Figuring out what should go in the first version of a product can be daunting.
Around 2008, Eric Reis proposed the "lean startup methodology." This approach helps startups use rapid experiments to validate their assumptions about their customers and markets. One of its key principles is the "Build, measure, learn" cycle.
How Build, Measure Learn works
- Build: create a product or feature. The idea is to get something tangible to test as quickly as possible, even if it is not fully polished or complete
- Measure: After building, the next step is to measure how well the product performs by gathering data on how users interact with the product, and getting feedback from users or customers
- Learn: Use the data and feedback to make changes. This can involve making improvements, abandoning ideas that aren't working, or pivoting to a different product.
The "build, measure, learn" cycle is repeated continuously to build a product that meets the needs of users as effectively as possible.
The case for "Learn, Measure, Build"
User-centric design starts with learning about users, before building and testing prototypes. By starting with learning, you can ensure that you are building and measuring the right things.

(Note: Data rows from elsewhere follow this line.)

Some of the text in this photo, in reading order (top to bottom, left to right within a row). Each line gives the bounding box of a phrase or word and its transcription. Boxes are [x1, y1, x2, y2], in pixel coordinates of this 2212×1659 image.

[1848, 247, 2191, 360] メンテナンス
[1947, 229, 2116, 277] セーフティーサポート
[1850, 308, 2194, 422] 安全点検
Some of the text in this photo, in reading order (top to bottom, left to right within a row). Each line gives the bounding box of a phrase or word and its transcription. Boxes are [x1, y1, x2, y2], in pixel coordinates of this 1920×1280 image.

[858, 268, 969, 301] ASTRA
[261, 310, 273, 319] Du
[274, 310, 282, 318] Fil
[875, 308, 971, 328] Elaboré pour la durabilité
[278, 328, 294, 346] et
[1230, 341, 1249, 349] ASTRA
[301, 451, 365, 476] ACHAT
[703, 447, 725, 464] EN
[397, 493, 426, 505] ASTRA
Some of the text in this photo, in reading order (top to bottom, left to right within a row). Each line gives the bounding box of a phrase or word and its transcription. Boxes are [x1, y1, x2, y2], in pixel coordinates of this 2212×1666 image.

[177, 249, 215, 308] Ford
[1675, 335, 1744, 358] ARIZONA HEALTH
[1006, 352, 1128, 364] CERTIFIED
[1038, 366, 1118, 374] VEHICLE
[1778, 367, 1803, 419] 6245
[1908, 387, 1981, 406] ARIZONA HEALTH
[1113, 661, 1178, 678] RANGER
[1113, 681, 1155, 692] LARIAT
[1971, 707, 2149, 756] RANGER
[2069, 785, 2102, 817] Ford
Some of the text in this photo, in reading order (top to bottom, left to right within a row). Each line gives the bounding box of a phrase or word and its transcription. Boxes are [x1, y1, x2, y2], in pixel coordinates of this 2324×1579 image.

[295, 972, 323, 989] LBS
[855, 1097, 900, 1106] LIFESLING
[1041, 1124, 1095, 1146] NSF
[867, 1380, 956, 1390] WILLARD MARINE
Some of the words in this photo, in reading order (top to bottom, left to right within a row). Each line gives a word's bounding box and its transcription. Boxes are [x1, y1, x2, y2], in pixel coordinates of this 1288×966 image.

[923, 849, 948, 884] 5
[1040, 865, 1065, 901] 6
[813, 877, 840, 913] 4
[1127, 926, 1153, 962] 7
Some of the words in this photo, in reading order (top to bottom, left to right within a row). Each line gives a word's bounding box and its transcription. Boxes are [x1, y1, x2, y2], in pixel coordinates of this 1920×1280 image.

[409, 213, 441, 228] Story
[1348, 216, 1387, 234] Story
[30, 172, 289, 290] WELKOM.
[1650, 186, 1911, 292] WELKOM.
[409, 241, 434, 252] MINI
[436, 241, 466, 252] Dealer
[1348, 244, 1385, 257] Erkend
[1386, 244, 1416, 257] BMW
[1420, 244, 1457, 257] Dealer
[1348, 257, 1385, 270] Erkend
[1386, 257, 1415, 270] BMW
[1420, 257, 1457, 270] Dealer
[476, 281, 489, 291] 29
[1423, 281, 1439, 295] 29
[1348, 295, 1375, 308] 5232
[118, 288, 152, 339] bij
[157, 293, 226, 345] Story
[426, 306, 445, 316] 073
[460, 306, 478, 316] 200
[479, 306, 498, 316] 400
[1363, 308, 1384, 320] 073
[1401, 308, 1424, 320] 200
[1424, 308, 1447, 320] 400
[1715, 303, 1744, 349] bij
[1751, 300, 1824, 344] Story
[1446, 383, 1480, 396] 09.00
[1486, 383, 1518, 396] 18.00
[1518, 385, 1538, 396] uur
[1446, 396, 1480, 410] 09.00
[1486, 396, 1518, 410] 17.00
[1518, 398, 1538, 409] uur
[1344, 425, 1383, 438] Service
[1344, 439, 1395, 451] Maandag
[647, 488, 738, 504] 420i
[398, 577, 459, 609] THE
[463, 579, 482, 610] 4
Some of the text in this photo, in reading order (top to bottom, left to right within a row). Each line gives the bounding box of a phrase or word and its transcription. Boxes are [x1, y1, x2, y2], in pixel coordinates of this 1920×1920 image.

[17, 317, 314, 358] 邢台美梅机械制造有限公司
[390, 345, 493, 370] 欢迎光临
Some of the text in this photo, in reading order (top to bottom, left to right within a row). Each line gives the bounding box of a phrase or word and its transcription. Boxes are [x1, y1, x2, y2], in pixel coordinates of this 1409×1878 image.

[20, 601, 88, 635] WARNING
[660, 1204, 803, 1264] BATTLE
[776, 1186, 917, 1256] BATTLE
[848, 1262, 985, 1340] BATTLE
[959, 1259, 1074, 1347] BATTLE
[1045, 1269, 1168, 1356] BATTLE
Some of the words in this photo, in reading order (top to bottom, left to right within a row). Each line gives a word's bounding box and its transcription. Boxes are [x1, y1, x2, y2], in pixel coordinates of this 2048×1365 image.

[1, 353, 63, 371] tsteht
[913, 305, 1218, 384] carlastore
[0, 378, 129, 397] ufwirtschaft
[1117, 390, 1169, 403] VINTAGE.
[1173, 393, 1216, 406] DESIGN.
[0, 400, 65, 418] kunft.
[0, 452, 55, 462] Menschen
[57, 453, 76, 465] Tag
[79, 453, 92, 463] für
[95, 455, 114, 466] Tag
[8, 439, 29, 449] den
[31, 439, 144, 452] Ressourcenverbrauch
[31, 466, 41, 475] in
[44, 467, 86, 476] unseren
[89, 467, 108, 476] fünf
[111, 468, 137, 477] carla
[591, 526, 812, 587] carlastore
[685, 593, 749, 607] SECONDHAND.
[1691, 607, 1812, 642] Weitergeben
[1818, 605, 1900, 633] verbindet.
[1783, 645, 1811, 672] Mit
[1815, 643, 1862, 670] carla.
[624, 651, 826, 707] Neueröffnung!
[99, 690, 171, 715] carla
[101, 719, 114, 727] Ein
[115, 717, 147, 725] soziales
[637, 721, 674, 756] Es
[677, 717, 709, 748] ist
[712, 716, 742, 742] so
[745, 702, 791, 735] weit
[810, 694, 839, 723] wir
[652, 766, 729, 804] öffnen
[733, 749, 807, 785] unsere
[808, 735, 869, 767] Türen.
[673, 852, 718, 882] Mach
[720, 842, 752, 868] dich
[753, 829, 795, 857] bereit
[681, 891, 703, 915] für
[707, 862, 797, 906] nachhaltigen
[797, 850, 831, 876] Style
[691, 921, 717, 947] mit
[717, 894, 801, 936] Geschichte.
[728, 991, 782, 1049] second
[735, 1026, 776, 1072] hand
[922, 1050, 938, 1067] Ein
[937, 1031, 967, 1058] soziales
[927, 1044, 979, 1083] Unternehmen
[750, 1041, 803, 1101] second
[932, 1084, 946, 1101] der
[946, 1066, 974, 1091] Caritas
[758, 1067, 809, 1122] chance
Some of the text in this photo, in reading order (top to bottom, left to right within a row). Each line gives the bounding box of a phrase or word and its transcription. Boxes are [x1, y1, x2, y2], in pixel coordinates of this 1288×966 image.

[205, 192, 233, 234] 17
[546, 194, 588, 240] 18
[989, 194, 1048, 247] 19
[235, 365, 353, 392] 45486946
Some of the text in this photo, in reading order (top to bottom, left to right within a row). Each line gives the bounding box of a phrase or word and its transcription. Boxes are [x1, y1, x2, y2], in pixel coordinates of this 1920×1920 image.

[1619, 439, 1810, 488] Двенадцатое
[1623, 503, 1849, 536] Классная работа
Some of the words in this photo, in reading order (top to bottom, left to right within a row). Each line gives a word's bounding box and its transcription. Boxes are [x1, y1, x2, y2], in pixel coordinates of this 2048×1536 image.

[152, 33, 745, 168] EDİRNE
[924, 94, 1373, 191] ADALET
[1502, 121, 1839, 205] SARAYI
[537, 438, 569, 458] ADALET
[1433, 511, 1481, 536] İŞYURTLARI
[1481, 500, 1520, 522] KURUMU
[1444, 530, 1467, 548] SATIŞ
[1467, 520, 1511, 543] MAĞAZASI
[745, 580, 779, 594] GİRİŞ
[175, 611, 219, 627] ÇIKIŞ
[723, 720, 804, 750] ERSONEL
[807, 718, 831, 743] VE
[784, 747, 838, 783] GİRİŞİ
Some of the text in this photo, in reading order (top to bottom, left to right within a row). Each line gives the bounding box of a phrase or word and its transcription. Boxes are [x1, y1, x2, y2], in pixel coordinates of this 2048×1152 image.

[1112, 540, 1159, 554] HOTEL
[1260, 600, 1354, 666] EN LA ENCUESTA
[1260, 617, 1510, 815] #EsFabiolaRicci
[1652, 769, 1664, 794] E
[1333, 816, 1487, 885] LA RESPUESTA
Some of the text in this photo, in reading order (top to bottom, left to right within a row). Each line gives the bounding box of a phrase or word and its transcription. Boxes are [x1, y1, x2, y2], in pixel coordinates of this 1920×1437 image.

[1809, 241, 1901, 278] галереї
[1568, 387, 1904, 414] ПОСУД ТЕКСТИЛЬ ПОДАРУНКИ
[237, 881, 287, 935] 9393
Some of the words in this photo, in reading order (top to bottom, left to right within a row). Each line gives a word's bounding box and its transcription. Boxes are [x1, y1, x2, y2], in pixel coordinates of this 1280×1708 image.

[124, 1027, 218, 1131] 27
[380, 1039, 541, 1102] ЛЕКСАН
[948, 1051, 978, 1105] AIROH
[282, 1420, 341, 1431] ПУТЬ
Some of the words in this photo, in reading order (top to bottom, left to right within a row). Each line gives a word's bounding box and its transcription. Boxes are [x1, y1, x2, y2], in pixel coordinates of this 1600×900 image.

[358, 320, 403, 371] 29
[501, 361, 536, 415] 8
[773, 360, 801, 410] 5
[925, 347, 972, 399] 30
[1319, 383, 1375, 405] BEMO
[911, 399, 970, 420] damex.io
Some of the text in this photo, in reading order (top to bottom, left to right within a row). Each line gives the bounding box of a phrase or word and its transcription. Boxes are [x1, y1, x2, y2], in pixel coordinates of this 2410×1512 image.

That's why the design thinking process begins with empathizing with the user and defining the problem.Moreover, the "learn, build, measure" sequence aligns more closely with the scientific method, which involves making observations, forming hypotheses, testing hypotheses, then analyzing results. This can help to make the process of product development more systematic and structured, and lead to more reliable and accurate results. That being said, there is no one "right" way to think about the "build, measure, learn" cycle, and the sequence of steps can vary depending on the specific needs and goals of a business or product.
The danger of big bang delivery
What's wrong with buiding out an entire product, then launching the final version? This approach, sometimes called "big bang delivery" might seem reasonable.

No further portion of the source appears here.